_TASK GOAL:_ Copy out precisely the line that holds "this 1600×1067 image." and all the lines following it in the data, up to and including the last one, and no others.

_DATA TO PROCESS:_
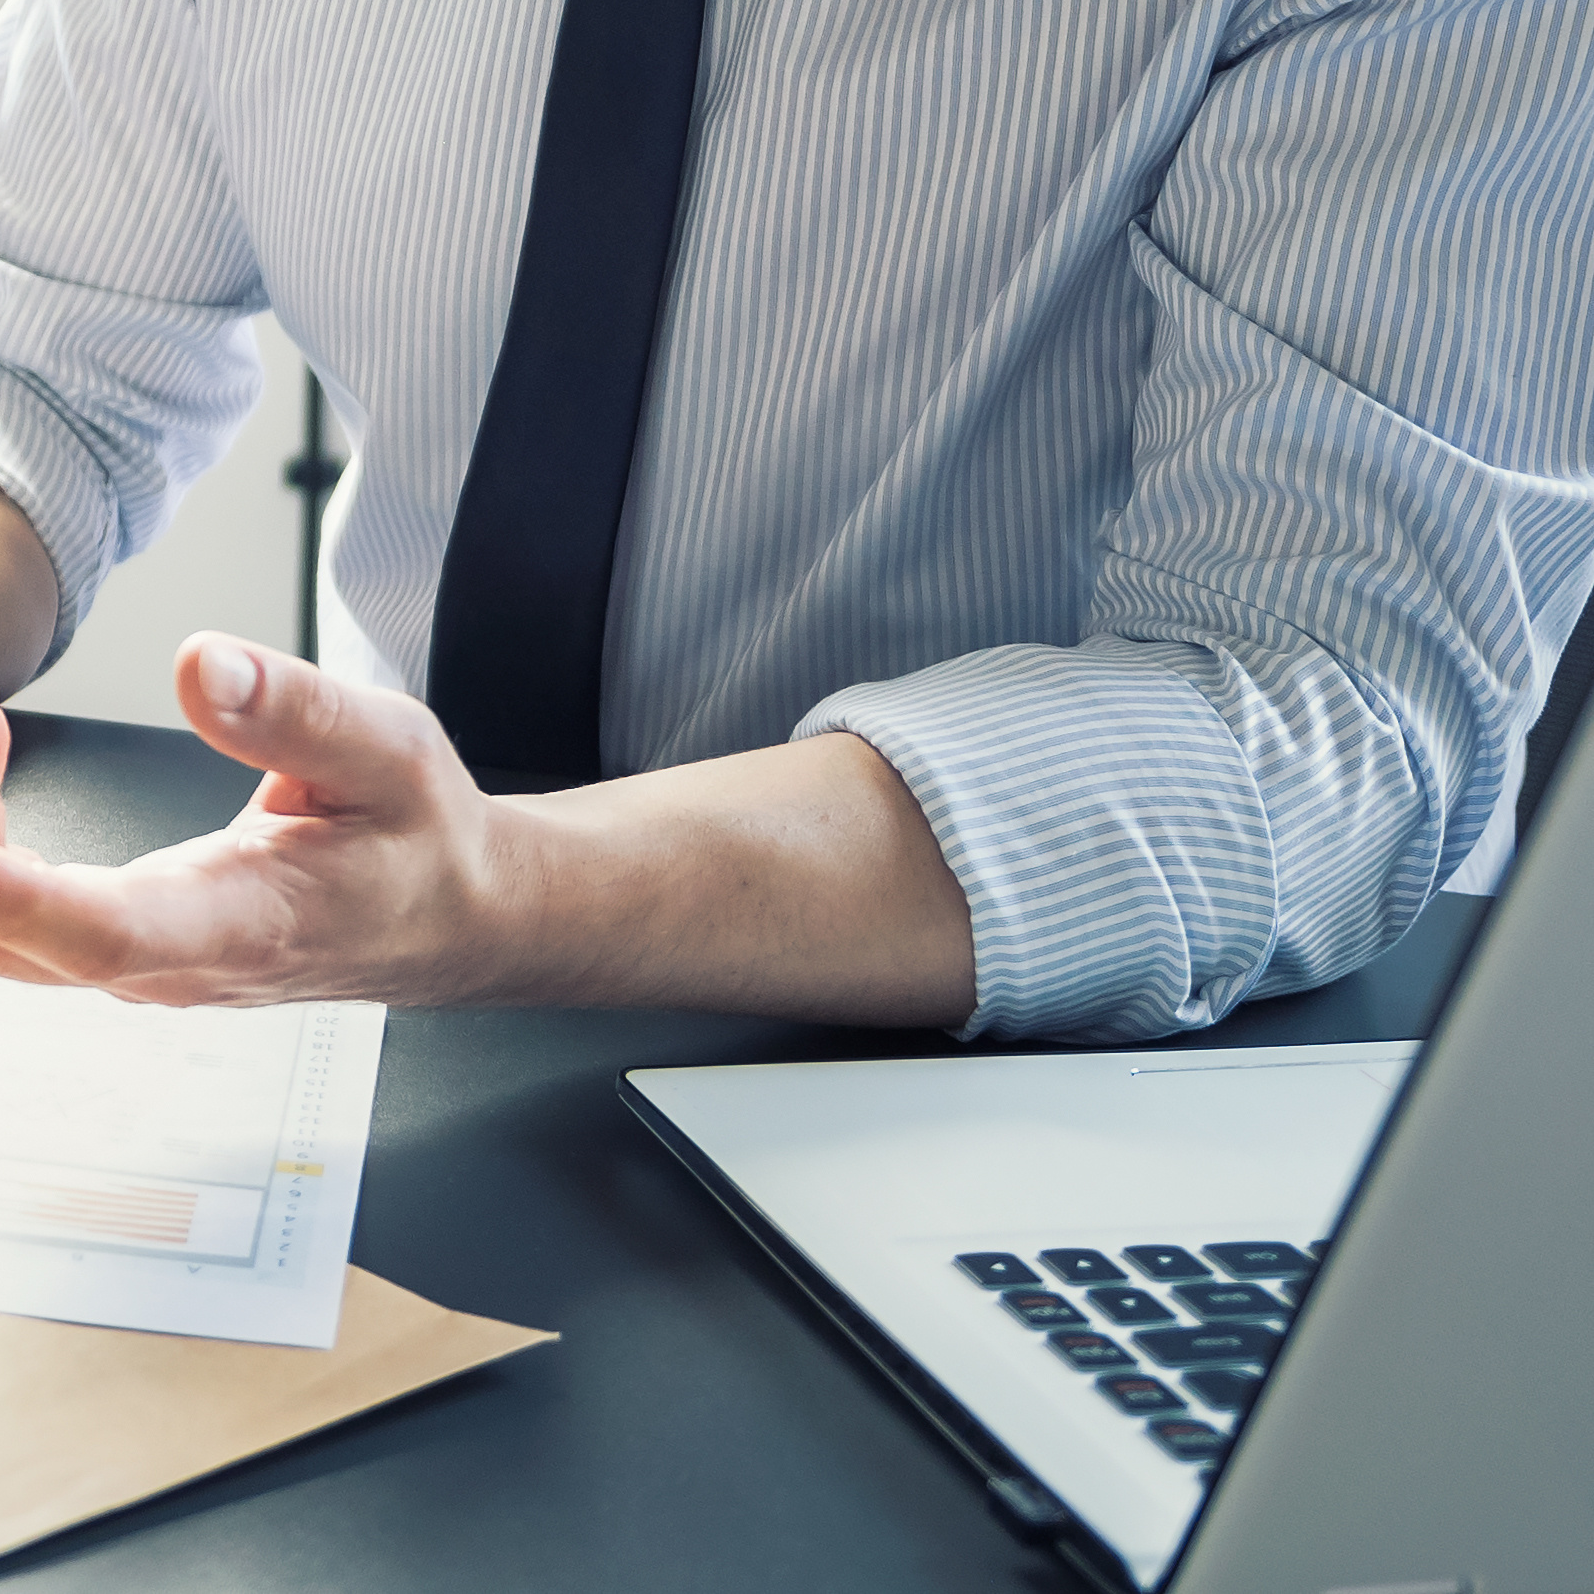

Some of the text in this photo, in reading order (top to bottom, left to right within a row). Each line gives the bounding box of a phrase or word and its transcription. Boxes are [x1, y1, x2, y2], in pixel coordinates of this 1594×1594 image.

[316, 1016, 339, 1026] 20
[314, 1030, 336, 1038] 19
[312, 1042, 333, 1051] 18
[310, 1055, 331, 1063] 17
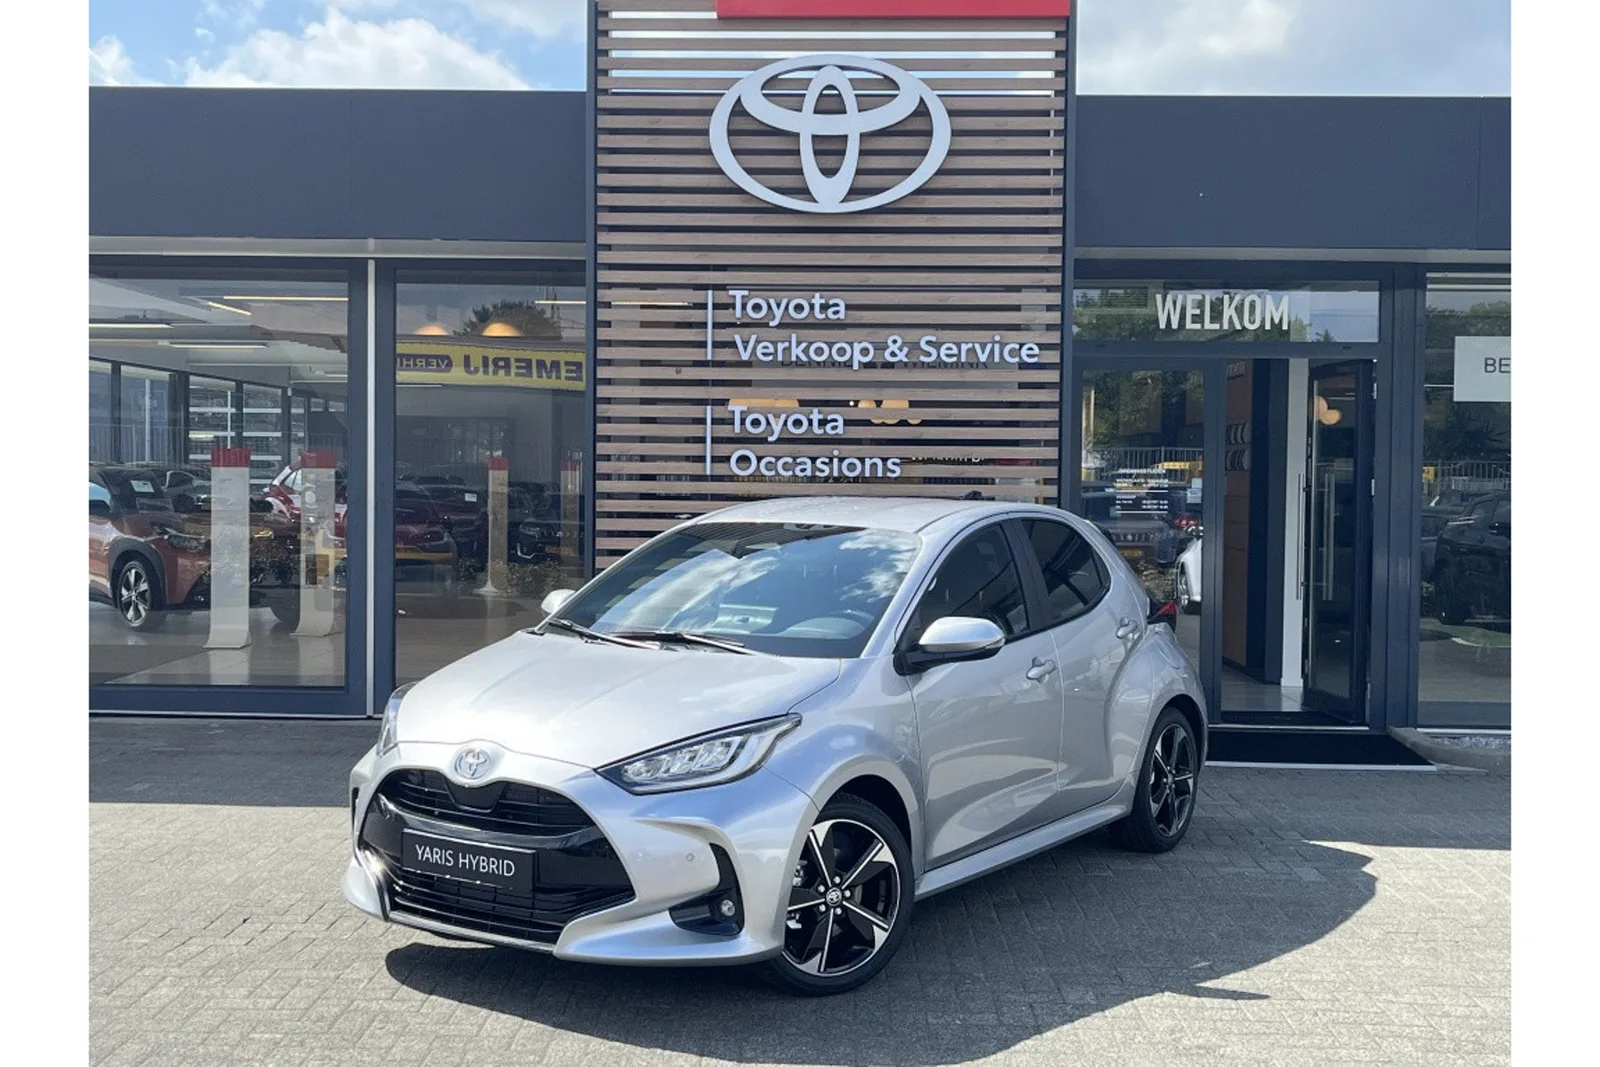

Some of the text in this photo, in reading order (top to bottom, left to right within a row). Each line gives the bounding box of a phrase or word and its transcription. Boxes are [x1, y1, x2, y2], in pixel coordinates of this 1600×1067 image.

[728, 290, 845, 327] Toyota
[1155, 293, 1289, 330] WELKOM
[734, 333, 1040, 370] Verkoop & Service
[728, 405, 844, 442] Toyota
[729, 449, 901, 478] Occasions
[415, 844, 515, 876] YARIS HYBRID

_EXPECTED OUTPUT:_
Some of the text in this photo, in reading order (top to bottom, left to right within a row). Each line gives the bounding box of a phrase or word and its transcription. Boxes are [x1, y1, x2, y2], in pixel coordinates of this 1600×1067 image.

[728, 290, 845, 327] Toyota
[1155, 293, 1289, 330] WELKOM
[734, 333, 1040, 370] Verkoop & Service
[728, 405, 844, 442] Toyota
[729, 449, 901, 478] Occasions
[415, 844, 515, 876] YARIS HYBRID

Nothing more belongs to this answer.